Task inputs —
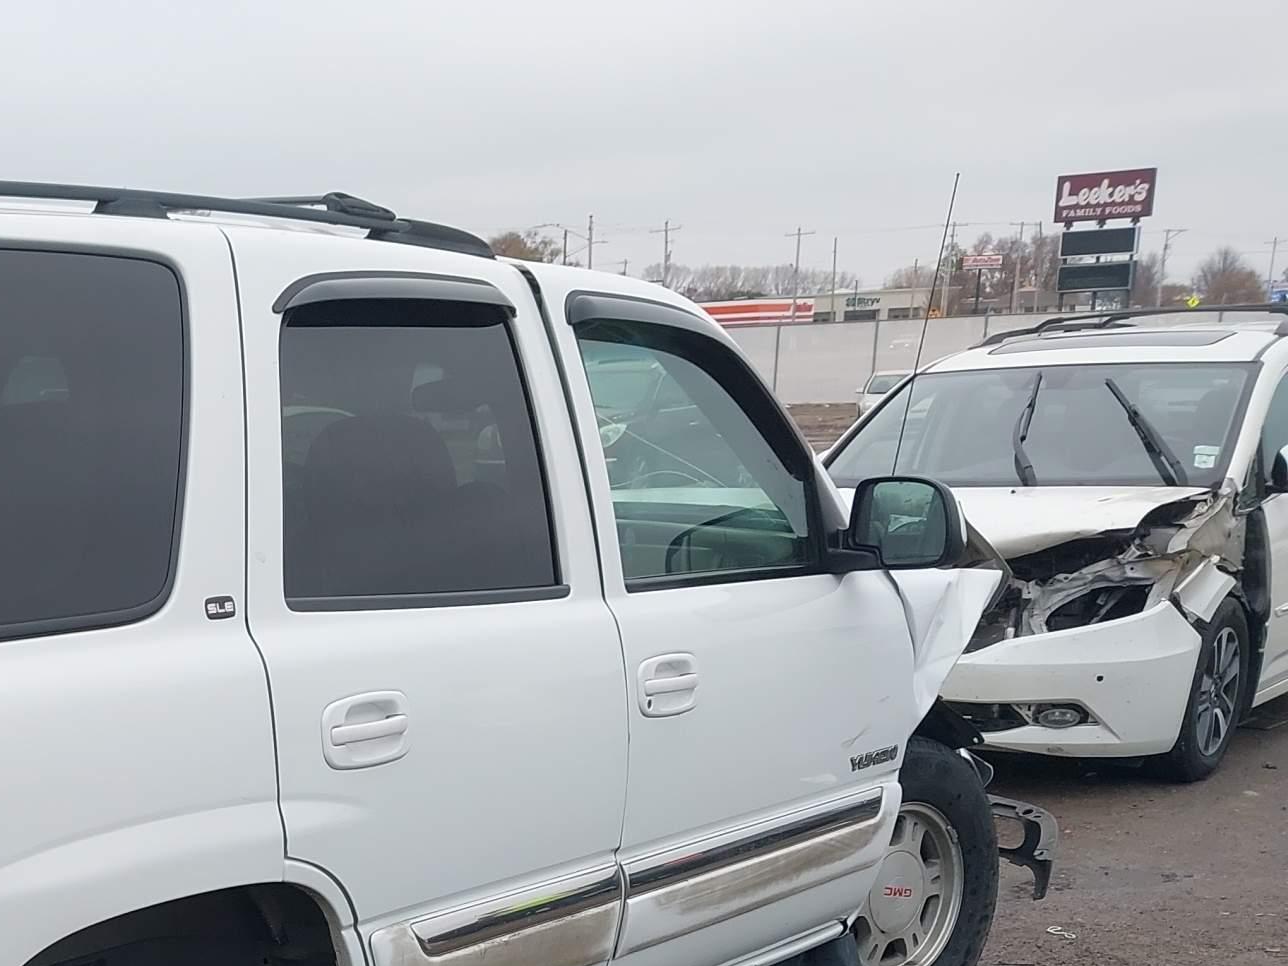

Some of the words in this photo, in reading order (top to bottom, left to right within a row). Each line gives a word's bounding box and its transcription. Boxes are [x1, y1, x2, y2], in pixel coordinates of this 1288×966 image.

[1058, 178, 1150, 207] Leeker's
[1062, 207, 1102, 217] FAMILY
[1105, 204, 1142, 215] FOODS
[207, 601, 234, 614] SLE
[883, 886, 912, 898] GMC
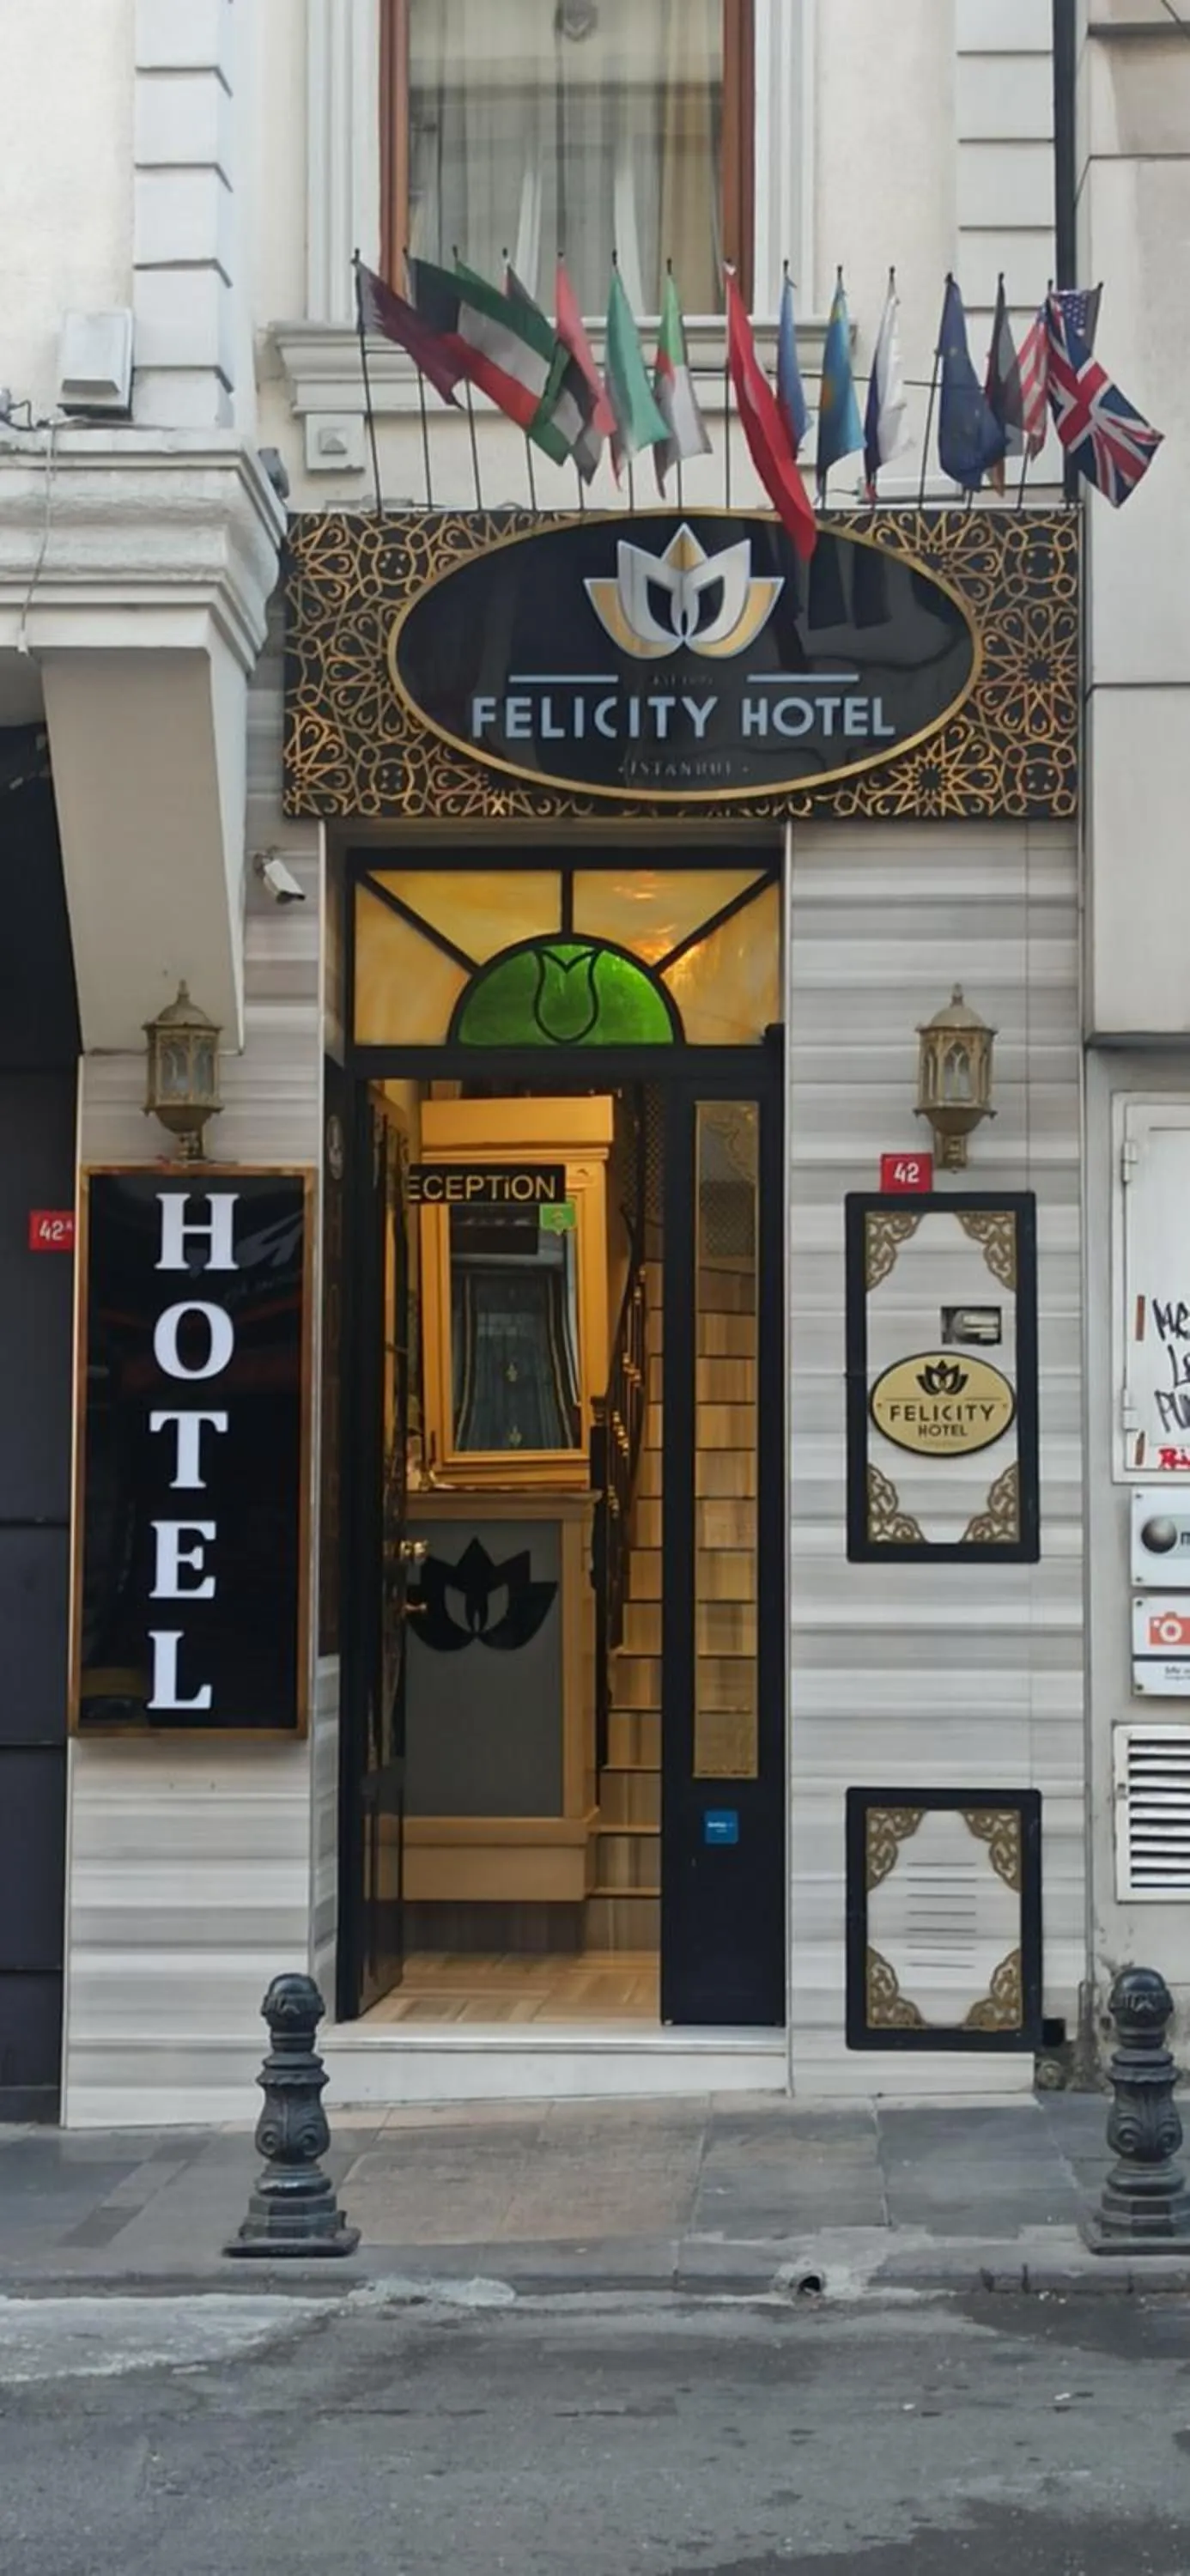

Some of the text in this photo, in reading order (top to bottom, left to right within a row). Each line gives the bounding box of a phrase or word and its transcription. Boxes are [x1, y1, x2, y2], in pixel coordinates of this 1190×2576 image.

[472, 696, 896, 738] FELICITY HOTEL
[894, 1162, 920, 1183] 42
[889, 1404, 995, 1422] FELICITY
[918, 1424, 968, 1437] HOTEL
[147, 1192, 240, 1710] HOTEL

Directions for this task — All entries must be output unchanged, with every picture omitted.

Response to the task —
Some of the words in this photo, in reading order (top to bottom, left to right within a row). Each line gives a word's bounding box and its transcription. Boxes are [x1, y1, x2, y2], in pixel coordinates of this 1288×966 image.

[1058, 178, 1150, 207] Leeker's
[1062, 207, 1102, 217] FAMILY
[1105, 204, 1142, 215] FOODS
[207, 601, 234, 614] SLE
[883, 886, 912, 898] GMC

Some of the text in this photo, in reading order (top to bottom, left to right within a row). Each line gives the bounding box of a phrase or word and its transcription. Boxes are [x1, y1, x2, y2], in pixel coordinates of this 1190×2576 image.

[472, 696, 896, 738] FELICITY HOTEL
[894, 1162, 920, 1183] 42
[889, 1404, 995, 1422] FELICITY
[918, 1424, 968, 1437] HOTEL
[147, 1192, 240, 1710] HOTEL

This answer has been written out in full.